The decision was agonizing, but it had to be done, says Morawski. “Schuyler had to do a lot of thinking about what mattered most… Was it breaking records or was it really being happy,” Morawski says. Harvard men’s coach Kevin Tyrrell welcomed Schuyler to his team, as did his swimmers.

Bailar is taking testosterone now, which the NCAA permits in situations like Bailar’s. It’s lowered his voice and broadened his shoulders — and given him a bit of a moustache. “I shaved because I wanted to look nice for the interview,” Bailar tells Stahl. He’s also shaved more than 3 seconds off his previous best times in the pool, and is hoping to come back even more successful on the men’s team next season.

Then, later in the “60 Minutes” broadcast, in China, it’s usually forbidden to shoot films in The Forbidden City. So an enterprising former farmer built his own movie set version, part of what is now the world’s largest movie lot. It was a gamble that paid off, because China’s film industry has grown so big so fast, that it is now looking to compete with Hollywood. CBS News correspondent Holly Williams reports from China in her first “60 Minutes” story to be broadcast tonight, April 10 (7:00-8:00 PM, ET/PT) on the CBS Television Network.

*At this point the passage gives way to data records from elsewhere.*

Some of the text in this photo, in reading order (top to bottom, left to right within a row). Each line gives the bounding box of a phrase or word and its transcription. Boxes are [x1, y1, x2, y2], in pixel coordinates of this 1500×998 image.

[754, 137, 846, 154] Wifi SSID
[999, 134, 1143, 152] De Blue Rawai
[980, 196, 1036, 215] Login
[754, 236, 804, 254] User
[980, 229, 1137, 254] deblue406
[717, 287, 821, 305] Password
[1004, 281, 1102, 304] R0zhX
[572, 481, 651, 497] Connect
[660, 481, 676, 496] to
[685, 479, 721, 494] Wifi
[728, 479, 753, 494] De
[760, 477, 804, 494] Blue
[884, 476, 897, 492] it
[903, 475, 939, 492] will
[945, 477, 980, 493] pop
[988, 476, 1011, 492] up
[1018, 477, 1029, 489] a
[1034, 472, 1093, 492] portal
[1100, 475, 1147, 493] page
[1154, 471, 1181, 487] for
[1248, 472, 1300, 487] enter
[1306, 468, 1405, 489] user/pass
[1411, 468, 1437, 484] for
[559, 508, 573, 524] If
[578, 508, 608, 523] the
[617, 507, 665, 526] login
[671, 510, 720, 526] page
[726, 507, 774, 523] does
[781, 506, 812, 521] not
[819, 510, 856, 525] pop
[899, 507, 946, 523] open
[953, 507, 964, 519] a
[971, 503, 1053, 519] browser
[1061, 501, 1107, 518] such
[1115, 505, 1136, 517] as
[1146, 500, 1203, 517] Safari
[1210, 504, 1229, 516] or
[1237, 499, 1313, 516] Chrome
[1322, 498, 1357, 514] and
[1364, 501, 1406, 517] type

Dede Nickerson has seen the rise of Chinese cinema as a film producer there for the past two decades. She thinks it won’t be long before the Chinese are ready to muscle in on Tinseltown’s territory. “They are smart. They understand storytelling. They are…super well-versed in what works in their own country. They are super well-versed in what works globally,” she says. “I couldn’t be more excited. So I would say…Hollywood, watch out.”

Even as the economy slows in China, the country produces some 600 films a year for a domestic audience growing so fast that 22 new screens open every day. The Chinese box office over the last five years has grown 350 percent. The spectacular Hengdian World Studios, where “60 Minutes” cameras capture the replica of The Forbidden City and other massive movie sets, hosts 30 different productions every day.

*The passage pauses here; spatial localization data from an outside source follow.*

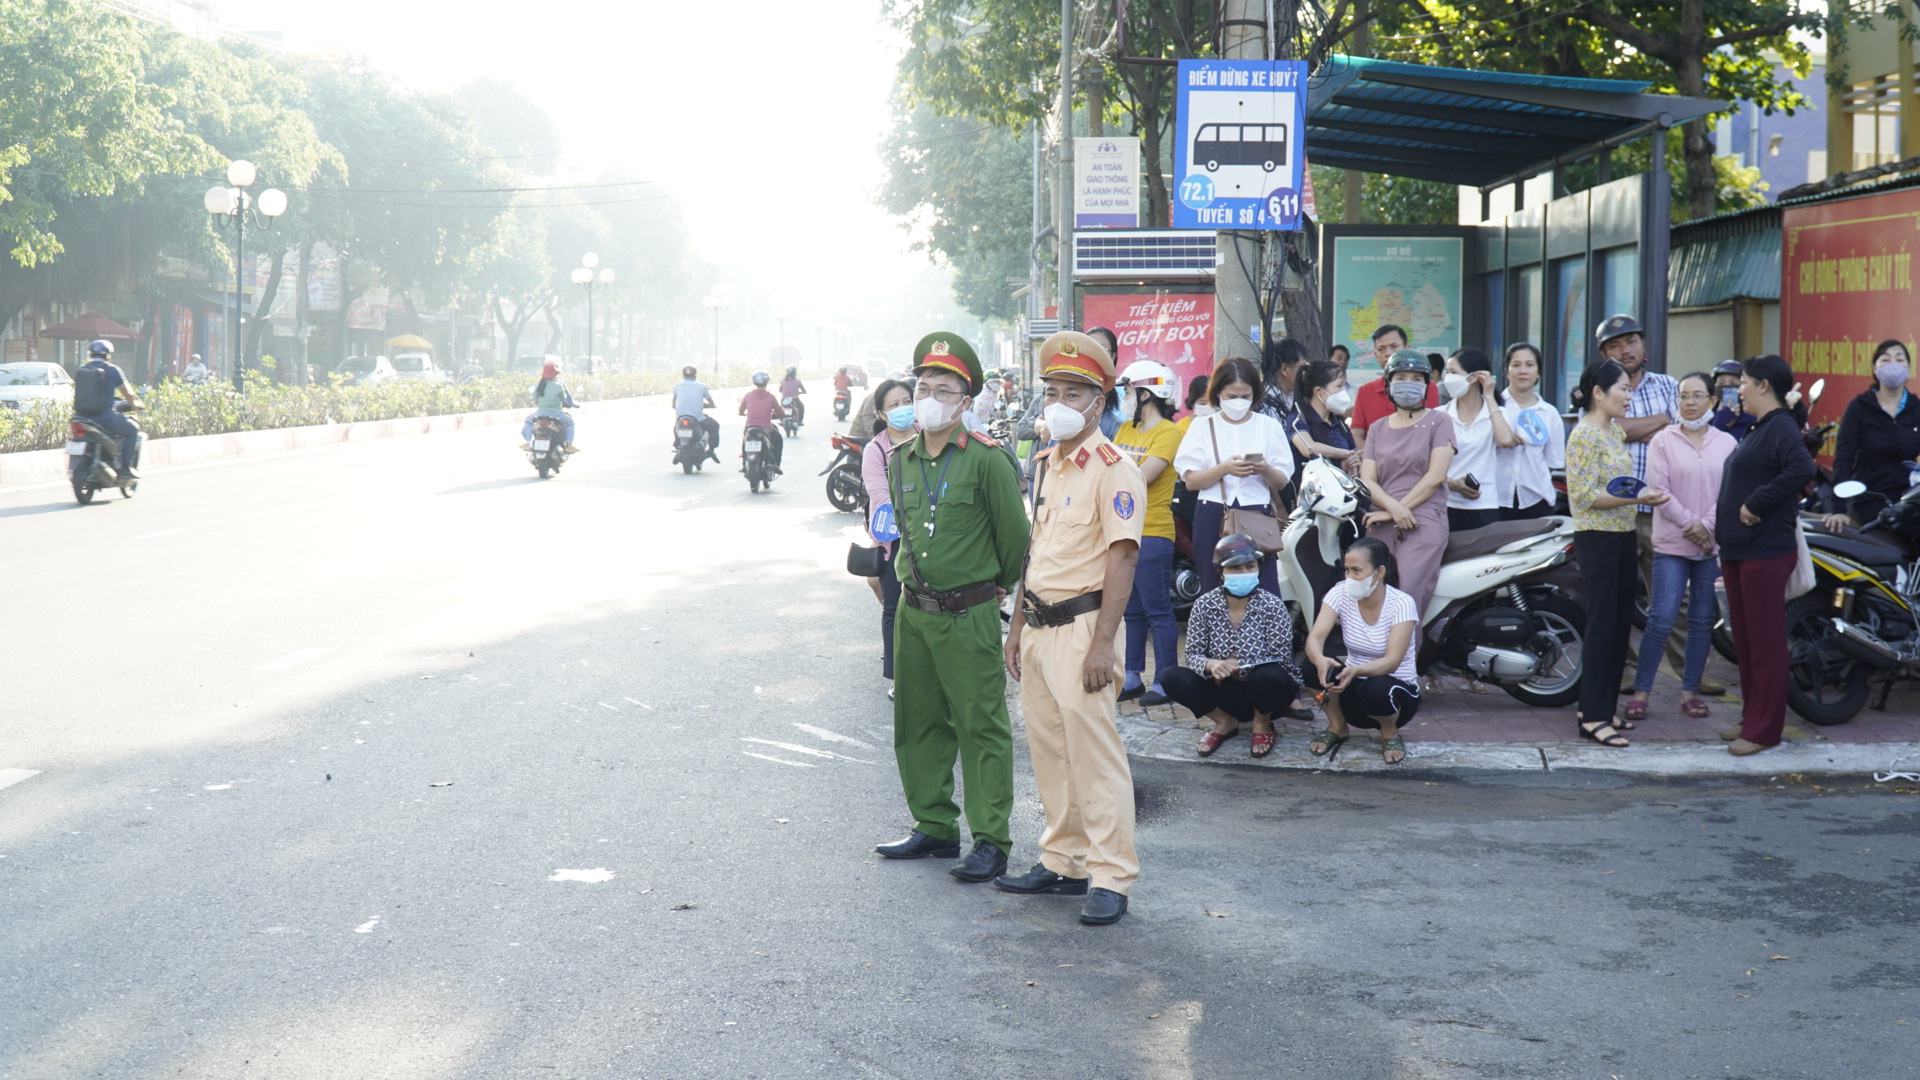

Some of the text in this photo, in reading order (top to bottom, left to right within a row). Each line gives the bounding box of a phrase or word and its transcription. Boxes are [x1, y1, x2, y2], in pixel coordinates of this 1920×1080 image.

[1189, 65, 1299, 87] ĐIỂM DỪNG XE BUÝT
[1092, 162, 1122, 171] AN TOÀN
[1086, 174, 1128, 183] GIAO THÔNG
[1082, 186, 1091, 195] LÀ
[1113, 186, 1132, 195] PHÚC
[1182, 182, 1213, 201] 72.1
[1197, 203, 1233, 224] TUYẾN
[1239, 203, 1257, 224] SỐ
[1257, 209, 1265, 224] 4
[1269, 194, 1299, 217] 611
[1869, 247, 1893, 292] CHÁY
[1128, 299, 1196, 317] TIẾT KIỆM
[1114, 320, 1128, 328] CHI
[1129, 317, 1145, 327] PHÍ
[1176, 314, 1194, 323] CÁO
[1195, 312, 1210, 321] VỚI
[1117, 324, 1210, 346] IGHT BOX

U.S. filmmakers are very much aware of the growing Chinese movie market, says Nickerson. She says Chinese audiences are now a consideration in the decision-making process at every major Hollywood studio. “They have to because oftentimes the Chinese box office is larger than the U.S. box office. Especially for the big blockbuster films.”

More and more big Hollywood productions are being made in both countries for both audiences. “Transformers 4” made $300 million in China and was partially shot there. Kung Fu Panda 3 was animated in California and Shanghai at the same time, and in the Chinese version, the characters’ mouths were made to look like they were speaking Chinese.

But one of China’s biggest filmmakers says the Chinese are ready to make their own films for the U.S. and Chinese markets. Dennis Wang, who runs Huayi Brothers studios with his brother James, says he and his colleagues in the Chinese industry are eager to use Hollywood directors and stars to compete directly with U.S. studios, making blockbusters for English and Chinese audiences “I think we’ll be doing that in the next one or two years. Maybe in five years we’ll be doing it really well,” Wang tells Williams.

“60 Minutes,” the most successful television broadcast in history, began its 48th season in September 2015. Offering hard-hitting investigative reports, interviews, feature segments and profiles of people in the news, the broadcast begun in 1968 is still a hit in 2015, making Nielsen’s Top 10 list nine consecutive weeks in the fall of 2014.

Over the 2013-2014 season, “60 Minutes” continued its dominance as the number-one news program, drawing an average of 12.2 million viewers per week – almost twice the audience of its nearest network news magazine competitor and three million viewers ahead of the most-watched daily network evening news broadcast. The average audience for a “60 Minutes” broadcast still dwarfs the biggest audiences drawn by cable news programs.